Water vapour is the single most active ingredient in our weather, and the way it builds up, cools and falls back to Earth is one of the most frequently asked micro-topics in CDS and OTA Geography. From relative humidity to dew point, from convectional rain to radiation fog, the questions are short and fact-based. Learn the definitions cleanly and you bank reliable marks.
Why humidity and rainfall are reliable scorers
Nearly every CDS General Studies paper carries a question linked to moisture in the air — what relative humidity means, why fog forms on winter mornings, or which type of rainfall the Western Ghats receive. The questions are direct and fact-based, so a candidate who has the definitions ready answers them in seconds.
The topic also feeds into climate, monsoon, agriculture and disaster management, so the same handful of facts reappears across the syllabus. A question on cloudbursts, on dew point, or on why deserts have low humidity can all be traced back to this single chapter, which makes the return on study time very high.

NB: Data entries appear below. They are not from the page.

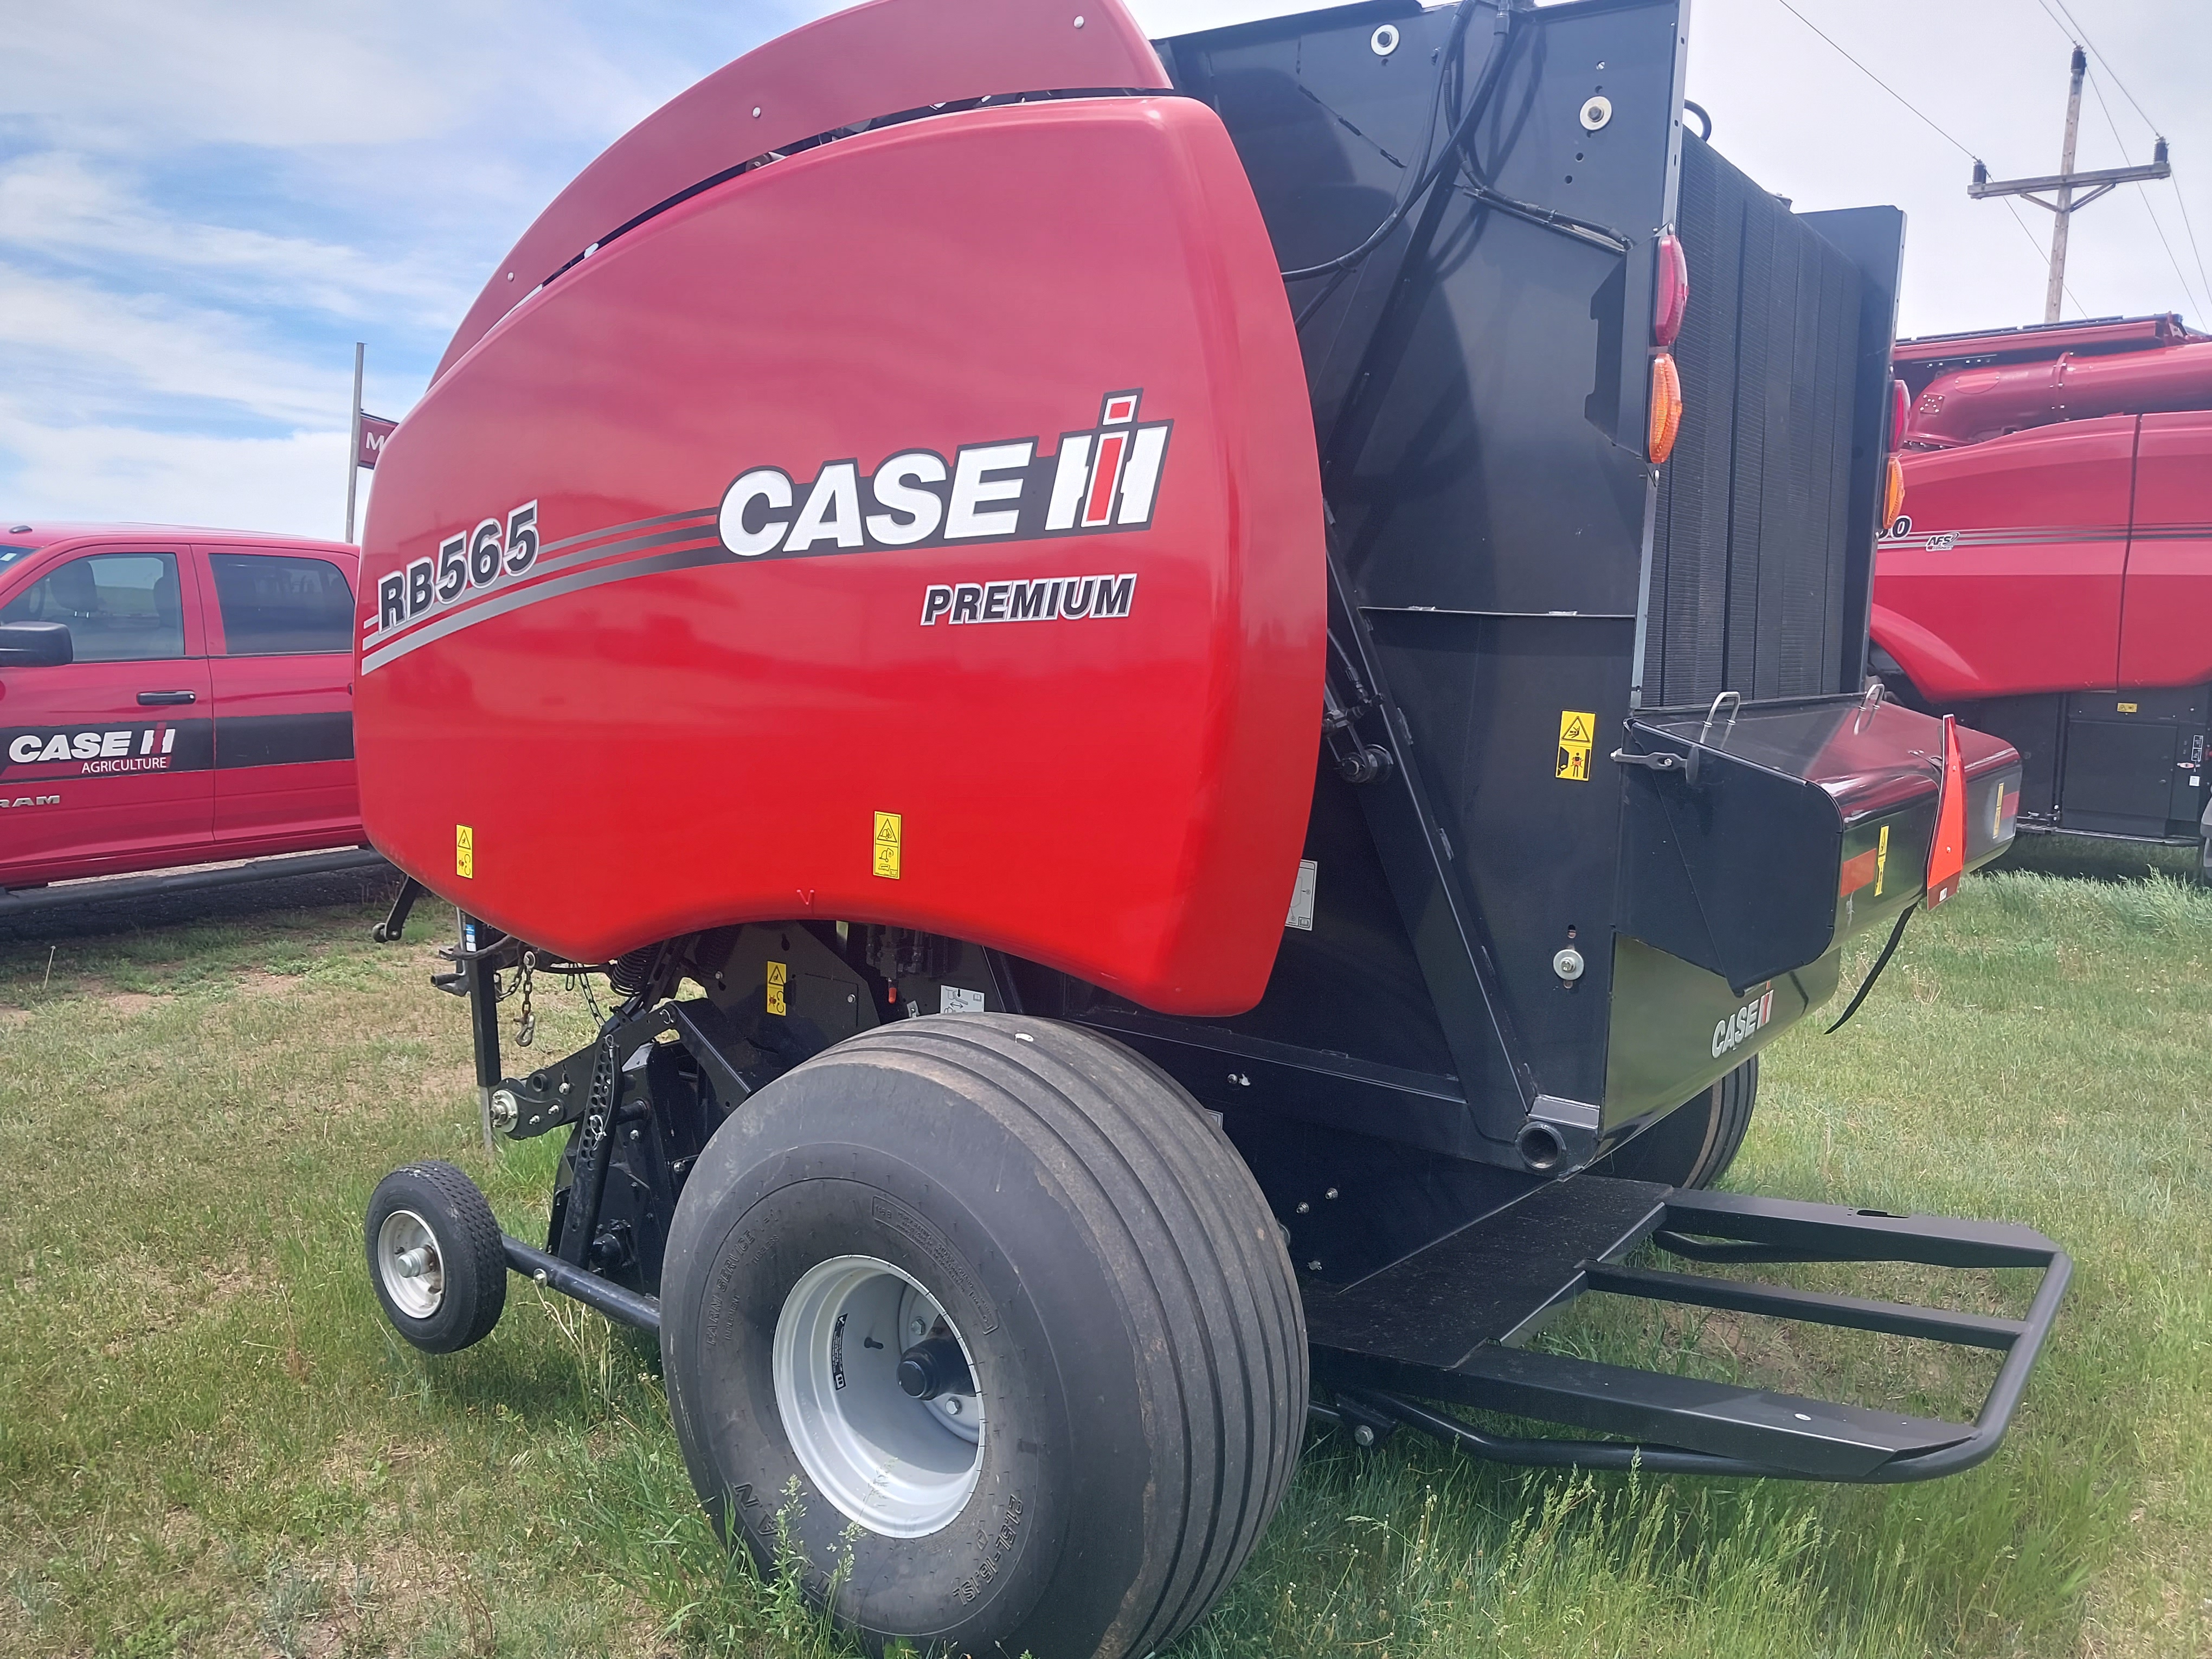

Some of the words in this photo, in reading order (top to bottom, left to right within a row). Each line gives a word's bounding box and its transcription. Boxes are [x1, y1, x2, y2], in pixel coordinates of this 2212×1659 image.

[719, 442, 1033, 556] CASE
[1045, 395, 1169, 531] IH
[378, 499, 539, 634] RB565
[1926, 535, 1952, 546] AFS
[921, 574, 1137, 626] PREMIUM
[9, 731, 132, 763] CASE
[81, 757, 167, 774] AGRICULTURE
[1712, 999, 1759, 1059] CASE
[751, 1234, 780, 1265] TUBELESS
[706, 1294, 723, 1346] FARM
[716, 1229, 755, 1293] SERVICE

At The Cavalier we treat moisture in the atmosphere as part of the bankable static section of General Studies. Unlike current affairs, these definitions never change, so an hour invested now keeps paying back in every mock test and in the real exam. The trick is to learn the chain of cause and effect — evaporation, saturation, condensation, precipitation — rather than memorising isolated lines.

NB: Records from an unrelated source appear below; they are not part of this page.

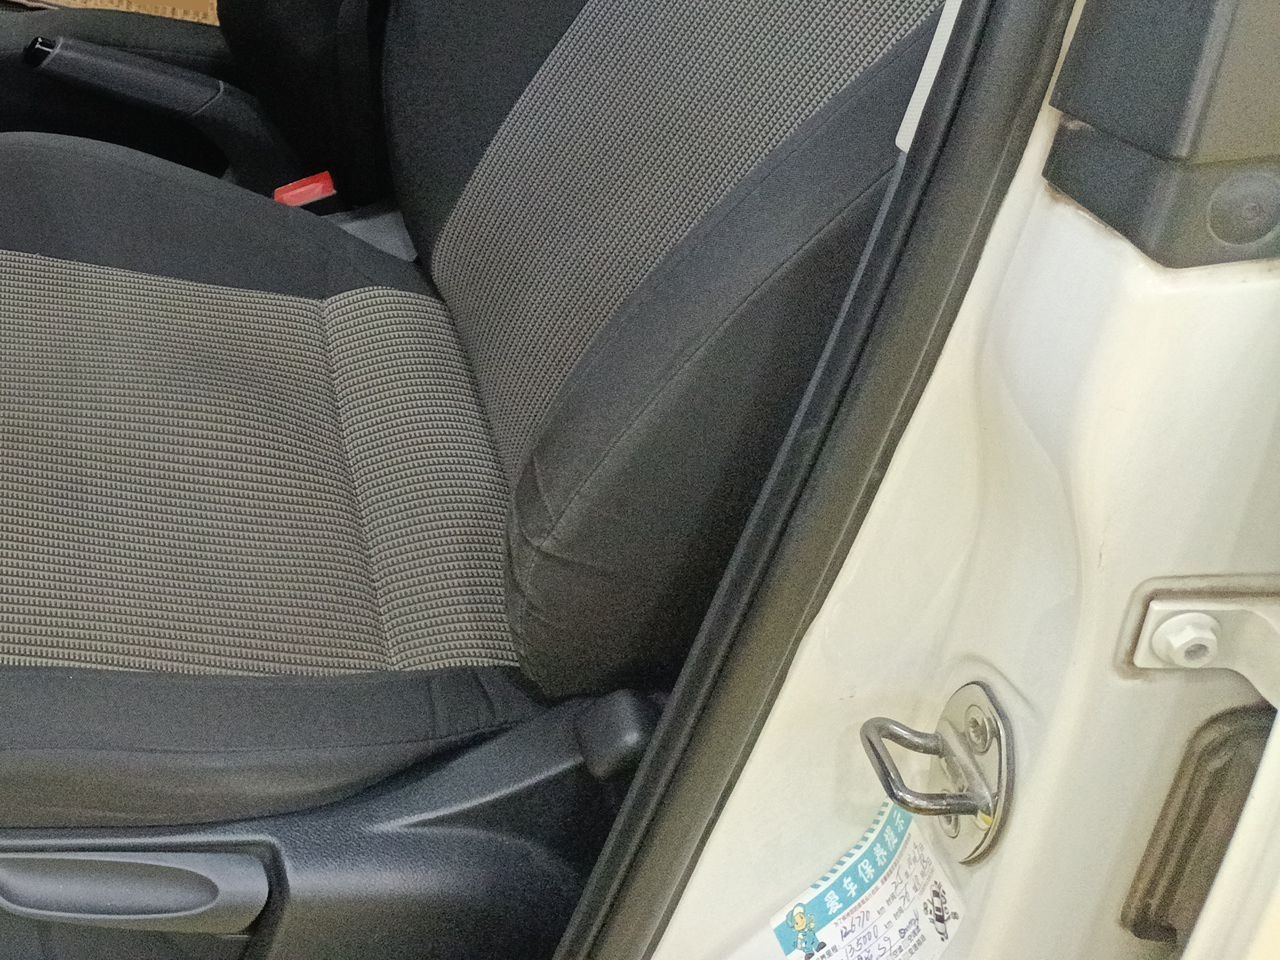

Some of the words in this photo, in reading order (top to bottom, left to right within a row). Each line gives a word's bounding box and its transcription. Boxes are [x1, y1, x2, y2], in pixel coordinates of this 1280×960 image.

[822, 809, 906, 916] 爱车保养提示
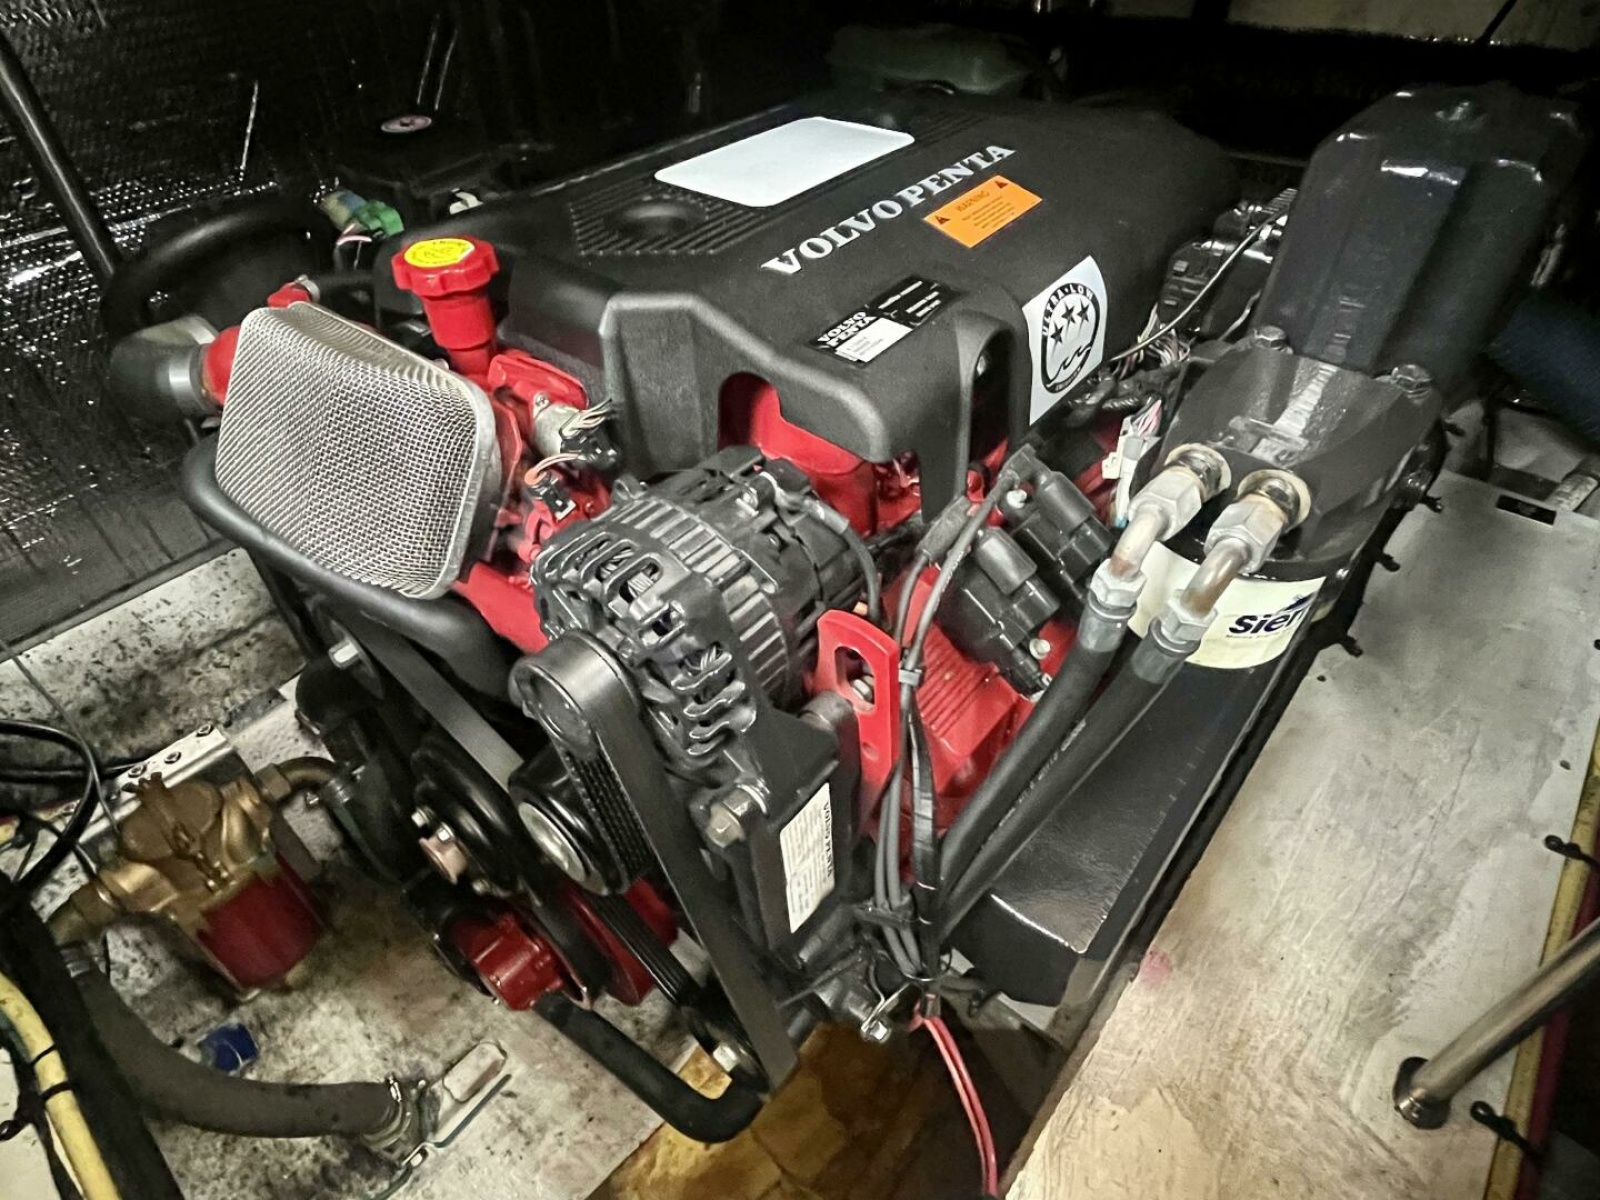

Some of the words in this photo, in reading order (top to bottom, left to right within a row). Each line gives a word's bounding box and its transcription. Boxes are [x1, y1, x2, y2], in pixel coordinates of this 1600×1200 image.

[761, 200, 903, 275] VOLVO
[895, 145, 1016, 207] PENTA
[817, 311, 867, 342] VOLVO
[826, 316, 878, 347] PENTA
[822, 801, 832, 840] VOLVO
[825, 840, 835, 878] PENTA

If you master just two ideas — relative humidity and the dew point — you can reason your way through most fog, dew and condensation questions without rote learning.
Moisture in the atmosphere
The air always contains water in its invisible gaseous form, called water vapour. This vapour enters the atmosphere through evaporation from oceans, lakes and rivers and through transpiration from plants. Together these are sometimes called evapotranspiration.
Water vapour is the only atmospheric gas that changes its state freely between gas, liquid and solid at ordinary temperatures. Its amount is highly variable — from almost nil over hot deserts to about 4% by volume over warm, wet tropical regions. This variability is exactly what drives weather. When vapour changes into liquid it releases stored heat called latent heat, which fuels storms and clouds; when liquid evaporates it absorbs heat and cools the surroundings, which is why sweating and wet earthen pots feel cooling.
Warm air can hold more water vapour than cold air. This single rule explains dew, fog, clouds and rainfall, so fix it firmly in mind.
Absolute, specific and relative humidity
Humidity is the amount of water vapour present in the air. It is measured in three useful ways:
- Absolute humidity — the actual mass of water vapour in a given volume of air, expressed in grams per cubic metre (g/m3). It falls as the air expands or rises.
- Specific humidity — the mass of water vapour per unit mass of air, in grams per kilogram (g/kg). Because it is a ratio of masses, it does not change with temperature or pressure.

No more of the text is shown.